Inspirado en el antiguo «jobel» hebreo —el cuerno de carnero que proclamaba las grandes celebraciones de Israel—, el Jubileo se alza en la Iglesia como un pregón de gozo («iubilaeus», en latín) y de liberación («áphesis», en griego).
Su raíz hunde sus orígenes en la ley mosaica, donde el «Sabat» semanal, el «pequeño jubileo» sabático (cada siete años) y el «gran jubileo» (cada cincuenta) recordaban que todo pertenece a Dios. Aquellos tiempos sagrados llamaban al descanso de la tierra, al perdón de las deudas y a la liberación de los cautivos, enseñando que la bondad y la providencia divinas deben encontrar un reflejo en la práctica humana de la misericordia.
Cristo mismo anunció el cumplimiento de ese «año de gracia» al proclamar la Buena Noticia a los pobres y la libertad a los oprimidos. Toda su vida fue un jubileo encarnado: un continuo acto de misericordia, de curación y de reconciliación.
Desde el primer Año Santo, convocado por el papa Bonifacio VIII en 1300, la Iglesia prolonga esta tradición cada veinticinco años, ofreciendo a los peregrinos —que acuden a Roma o a otros santuarios— un camino privilegiado de renovación interior.
El Jubileo es, ante todo, una oportunidad preciosa para recibir la indulgencia plenaria: un don gratuito de Dios que, a través del ministerio de la Iglesia, sana las cicatrices espirituales que el pecado deja en el alma. No es un requisito para la salvación, sino una invitación amorosa a la conversión y al crecimiento en la caridad.

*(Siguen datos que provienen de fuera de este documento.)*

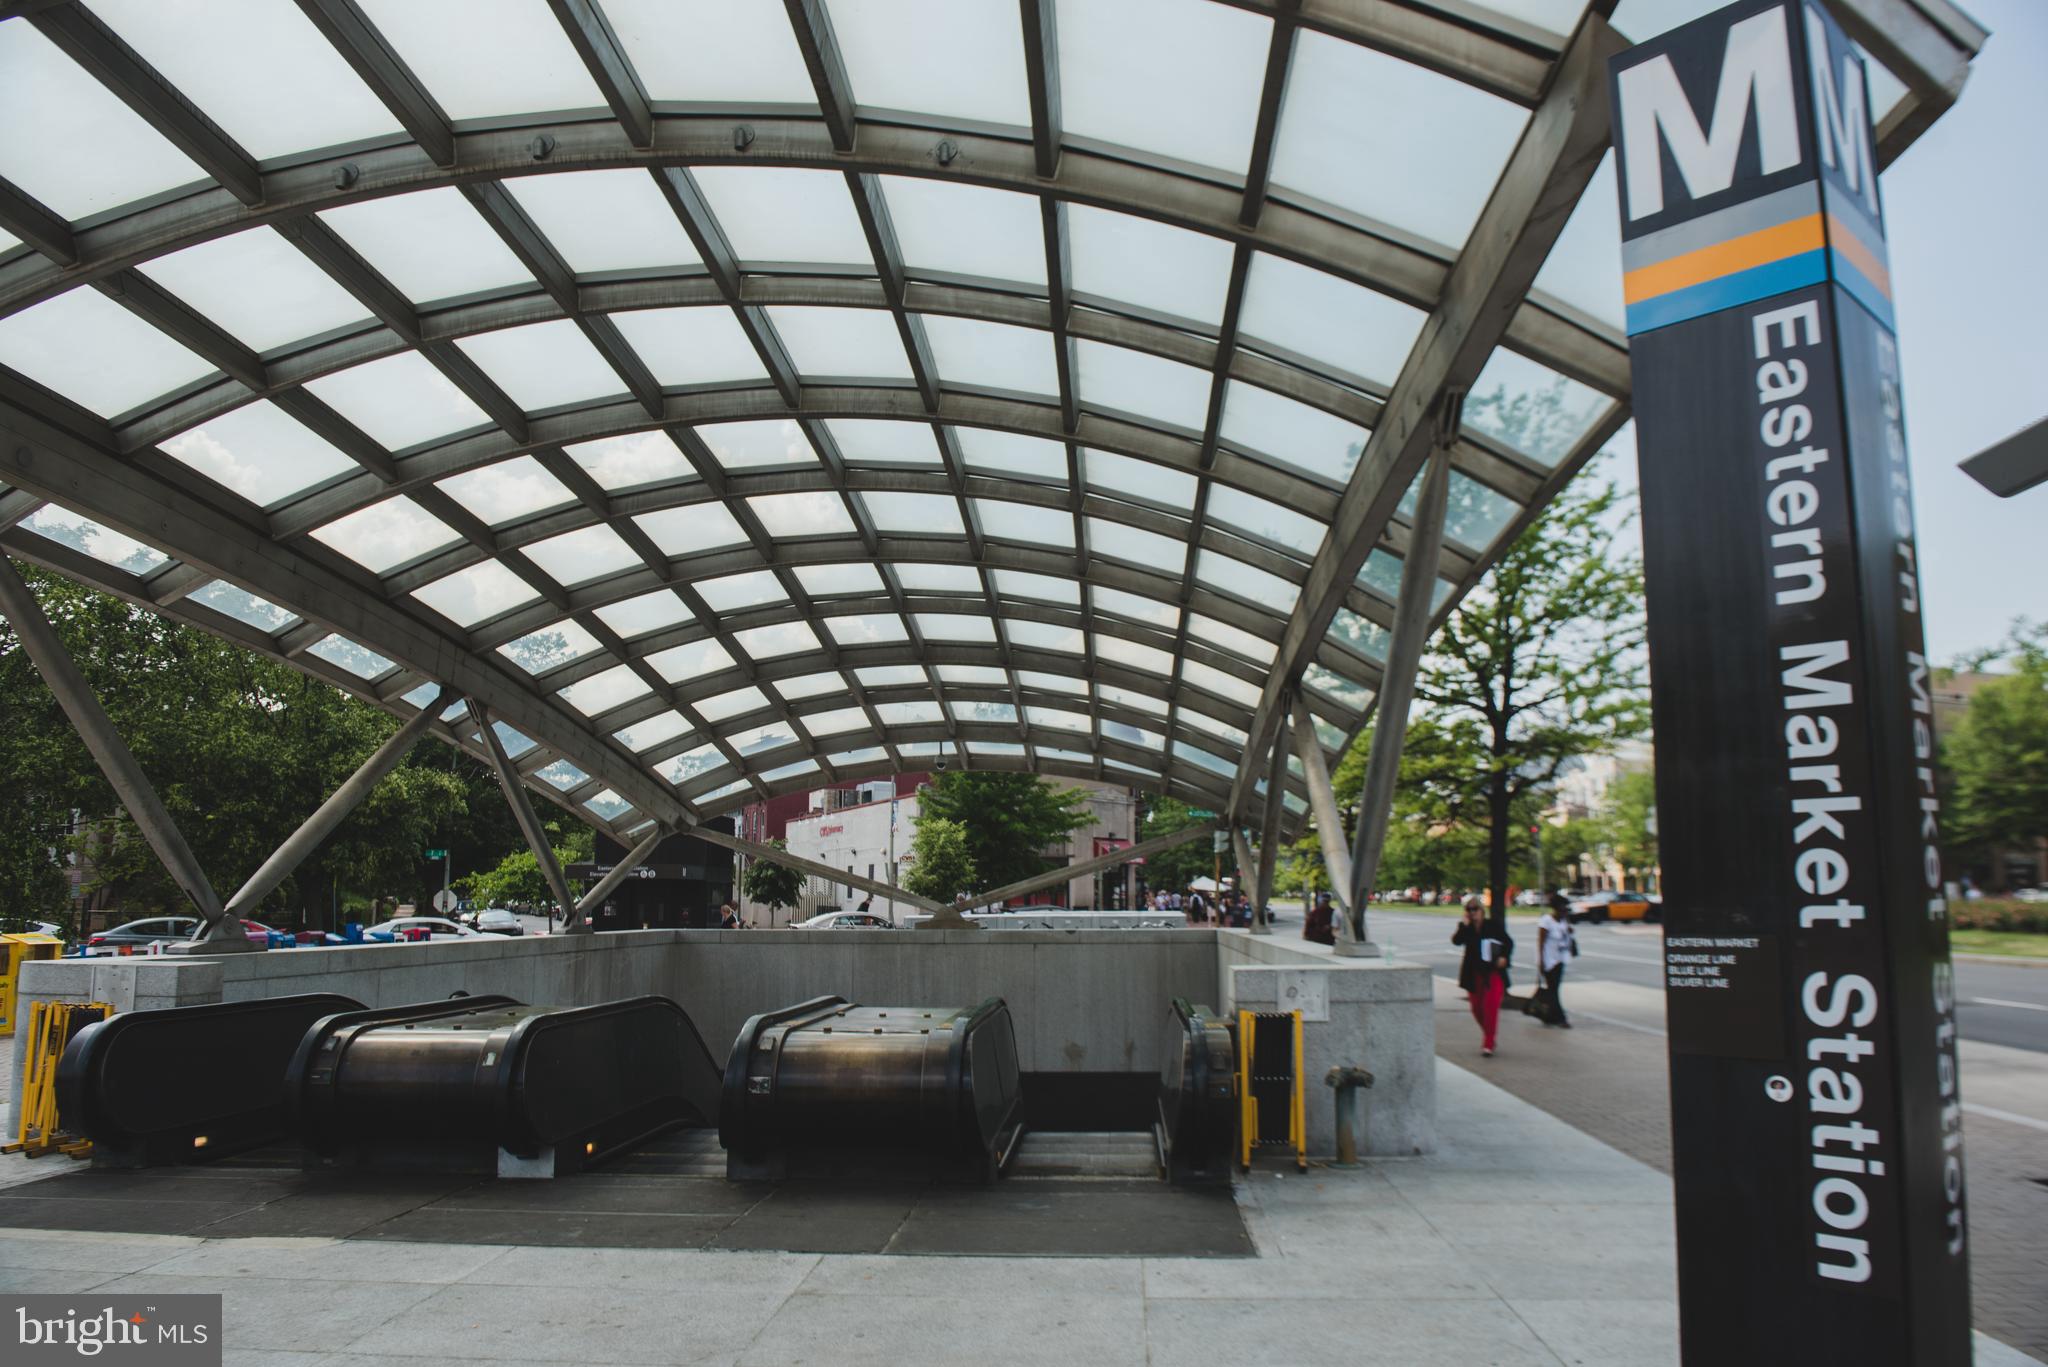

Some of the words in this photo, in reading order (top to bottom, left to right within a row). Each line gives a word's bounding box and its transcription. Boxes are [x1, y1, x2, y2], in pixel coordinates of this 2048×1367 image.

[1618, 4, 1801, 221] M
[1805, 7, 1880, 218] M
[1752, 300, 1829, 605] Eastern
[1780, 640, 1865, 928] Market
[1666, 937, 1713, 947] EASTERN
[1714, 938, 1760, 948] MARKET
[1667, 954, 1711, 964] ORANGE
[1712, 955, 1736, 965] LINE
[1667, 966, 1695, 976] BLUE
[1696, 967, 1720, 976] LINE
[1669, 978, 1703, 987] SILVER
[1705, 978, 1729, 988] LINE
[1802, 971, 1885, 1283] Station

En este Año de Gracia, se nos llama a ser peregrinos de esperanza, hombres y mujeres que trabajan activamente en el presente con la certeza de que el Señor está cerca, siempre a la puerta, esperando que abramos nuestro corazón para que su alegría y su paz nos liberen de todo desánimo.
Y en este camino, María —«vida, dulzura y esperanza nuestra»— se presenta como modelo perfecto de confianza en la promesa divina.